(Try it):
The entries that follow must be given again exactly, with the pictures excluded.

(Data shown):
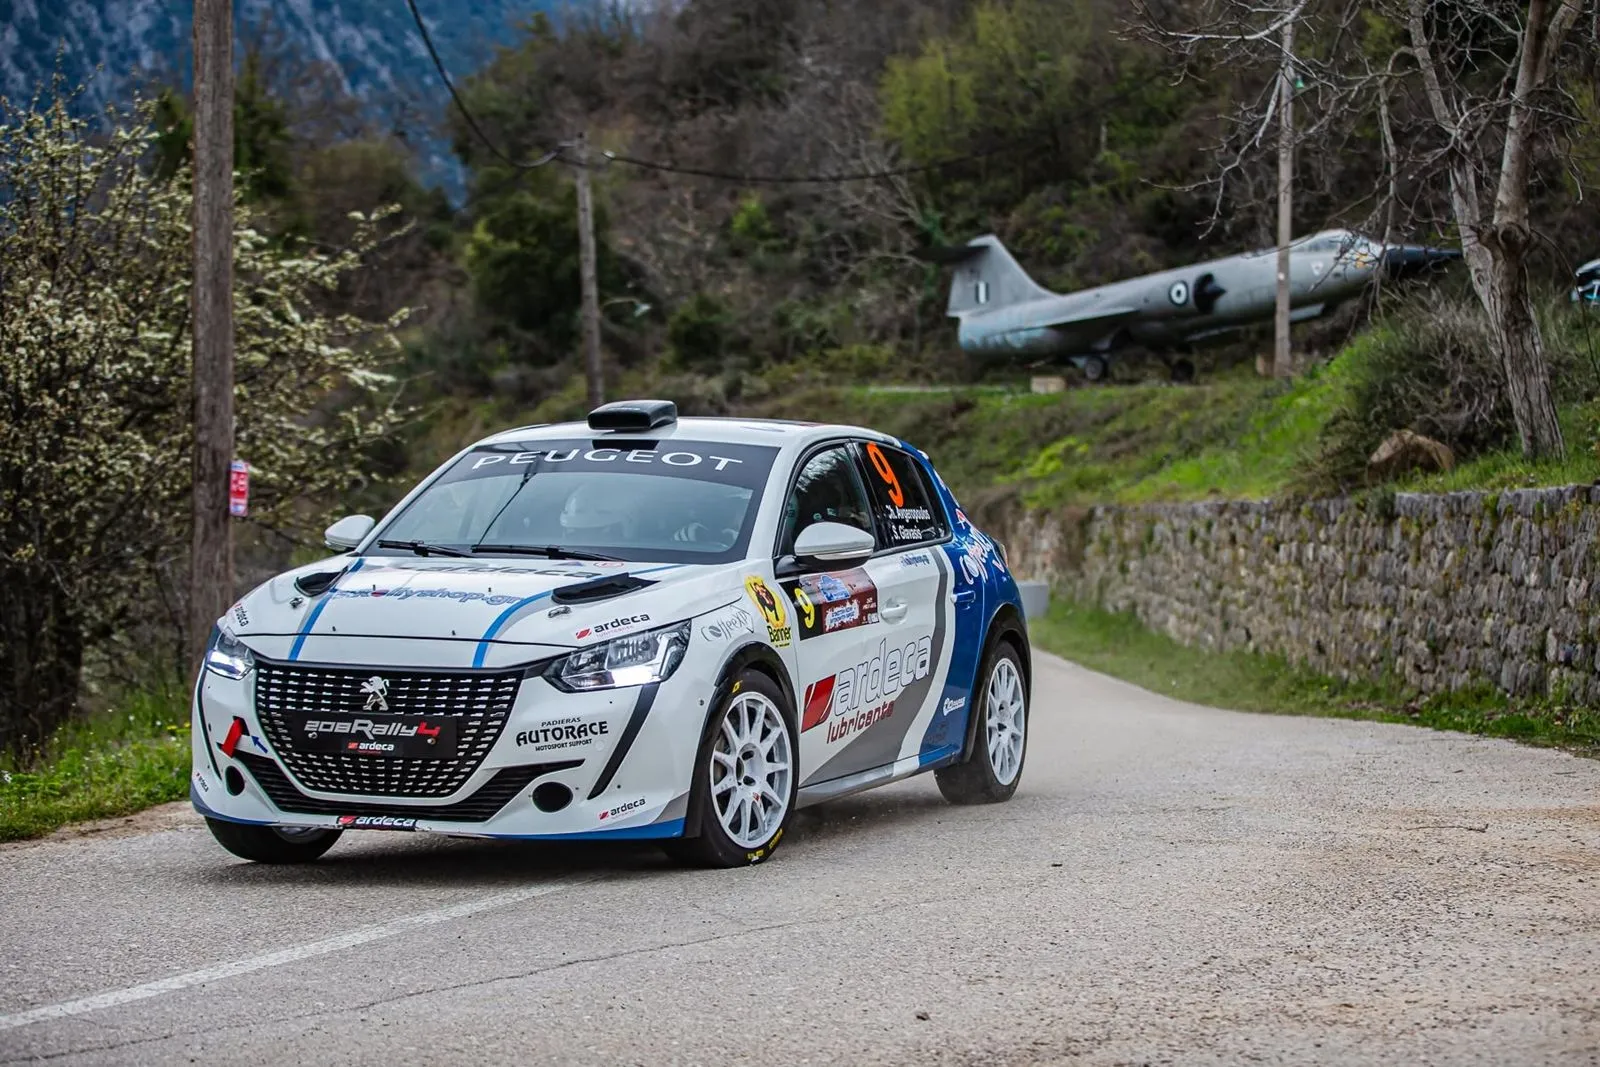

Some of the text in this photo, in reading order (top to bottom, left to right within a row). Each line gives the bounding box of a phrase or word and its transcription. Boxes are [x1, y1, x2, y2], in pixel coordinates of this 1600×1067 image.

[472, 448, 743, 472] PEUGEOT
[866, 441, 904, 508] 9
[794, 588, 815, 629] 9
[594, 614, 650, 633] ardeca
[767, 625, 791, 643] Banner
[834, 635, 932, 717] ardeca
[541, 717, 581, 727] PADIERAS
[516, 721, 609, 747] AUTORACE
[568, 738, 592, 748] SUPPORT
[359, 741, 395, 751] ardeca
[610, 798, 646, 816] ardeca
[355, 815, 417, 827] ardeca

(Answer to this exercise):
Some of the text in this photo, in reading order (top to bottom, left to right within a row). Each line gives the bounding box of a phrase or word and its transcription. Boxes are [x1, y1, x2, y2], in pixel coordinates of this 1600×1067 image.

[472, 448, 743, 472] PEUGEOT
[866, 441, 904, 508] 9
[794, 588, 815, 629] 9
[594, 614, 650, 633] ardeca
[767, 625, 791, 643] Banner
[834, 635, 932, 717] ardeca
[541, 717, 581, 727] PADIERAS
[516, 721, 609, 747] AUTORACE
[568, 738, 592, 748] SUPPORT
[359, 741, 395, 751] ardeca
[610, 798, 646, 816] ardeca
[355, 815, 417, 827] ardeca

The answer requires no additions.